WORK ORDER: A faithful transcription of all the data, images excluded, is the required answer.

Stored data entries:
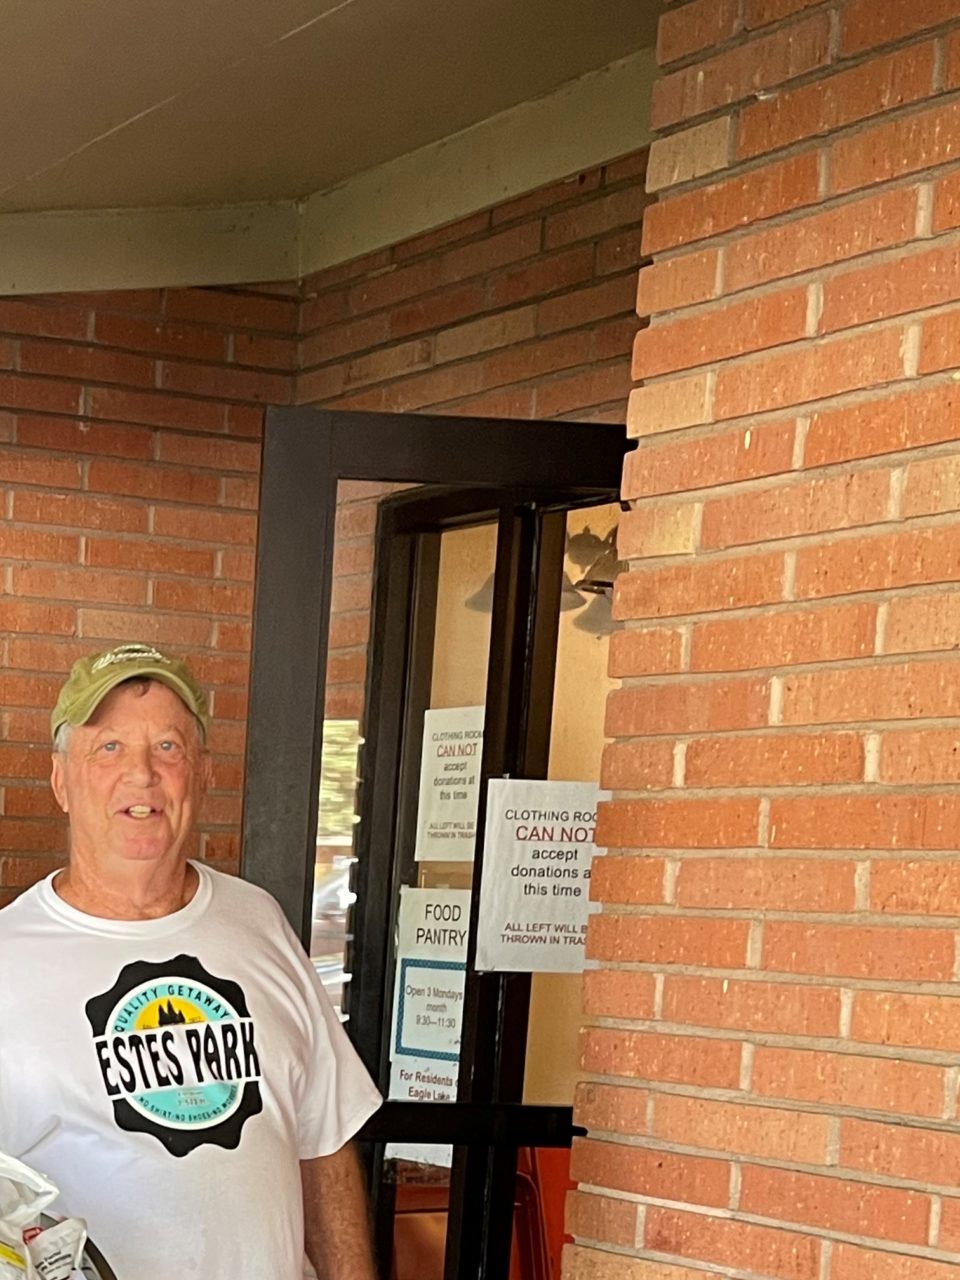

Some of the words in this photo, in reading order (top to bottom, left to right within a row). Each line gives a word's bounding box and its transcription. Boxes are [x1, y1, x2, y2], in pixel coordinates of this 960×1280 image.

[432, 732, 463, 742] CLOTHING
[437, 744, 455, 758] CAN
[458, 742, 478, 757] NOT
[444, 762, 467, 773] accept
[434, 776, 466, 787] donations
[468, 776, 475, 785] at
[440, 790, 451, 800] this
[453, 790, 467, 800] time
[505, 809, 570, 822] CLOTHING
[516, 825, 554, 842] CAN
[532, 848, 579, 863] accept
[511, 864, 579, 879] donations
[524, 883, 548, 896] this
[552, 884, 582, 897] time
[424, 904, 461, 922] FOOD
[505, 923, 523, 932] ALL
[526, 923, 552, 933] LEFT
[554, 924, 578, 934] WILL
[416, 928, 467, 947] PANTRY
[501, 934, 547, 945] THROWN
[549, 936, 560, 945] IN
[406, 985, 426, 999] Open
[427, 987, 432, 998] 3
[433, 987, 463, 1003] Mondays
[114, 988, 158, 1033] QUALITY
[167, 984, 230, 1019] GETAWAY
[95, 1030, 185, 1096] ESTES
[185, 1021, 262, 1084] PARK
[400, 1069, 413, 1081] For
[415, 1071, 453, 1087] Residents
[409, 1086, 432, 1101] Eagle
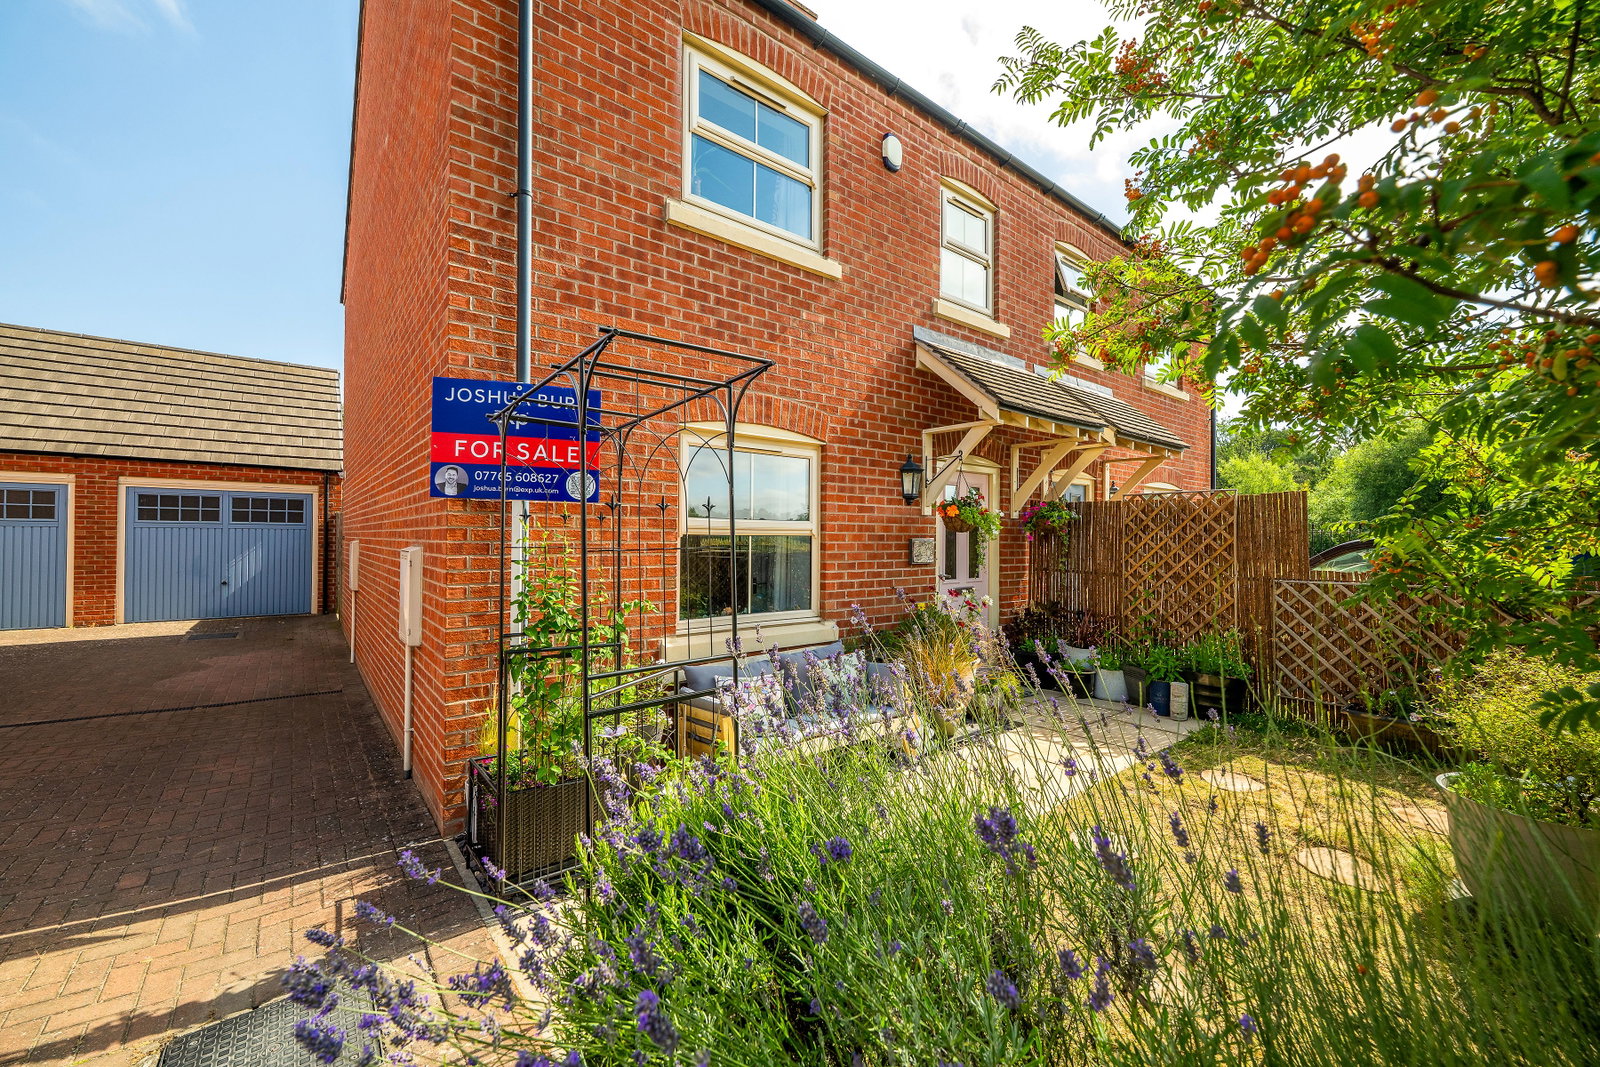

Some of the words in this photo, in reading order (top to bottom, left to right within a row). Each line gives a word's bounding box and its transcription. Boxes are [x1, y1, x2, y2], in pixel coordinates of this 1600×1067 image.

SOLUTION FOR THIS EXERCISE:
Some of the words in this photo, in reading order (top to bottom, left to right within a row). Each line gives a word's bounding box and its transcription. Boxes are [x1, y1, x2, y2], in pixel coordinates of this 960×1280 image.

[432, 732, 463, 742] CLOTHING
[437, 744, 455, 758] CAN
[458, 742, 478, 757] NOT
[444, 762, 467, 773] accept
[434, 776, 466, 787] donations
[468, 776, 475, 785] at
[440, 790, 451, 800] this
[453, 790, 467, 800] time
[505, 809, 570, 822] CLOTHING
[516, 825, 554, 842] CAN
[532, 848, 579, 863] accept
[511, 864, 579, 879] donations
[524, 883, 548, 896] this
[552, 884, 582, 897] time
[424, 904, 461, 922] FOOD
[505, 923, 523, 932] ALL
[526, 923, 552, 933] LEFT
[554, 924, 578, 934] WILL
[416, 928, 467, 947] PANTRY
[501, 934, 547, 945] THROWN
[549, 936, 560, 945] IN
[406, 985, 426, 999] Open
[427, 987, 432, 998] 3
[433, 987, 463, 1003] Mondays
[114, 988, 158, 1033] QUALITY
[167, 984, 230, 1019] GETAWAY
[95, 1030, 185, 1096] ESTES
[185, 1021, 262, 1084] PARK
[400, 1069, 413, 1081] For
[415, 1071, 453, 1087] Residents
[409, 1086, 432, 1101] Eagle

Some of the words in this photo, in reading order (top to bottom, left to right within a row). Each line gives a word's bounding box and its transcription. Boxes are [x1, y1, x2, y2], in pixel coordinates of this 1600×1067 image.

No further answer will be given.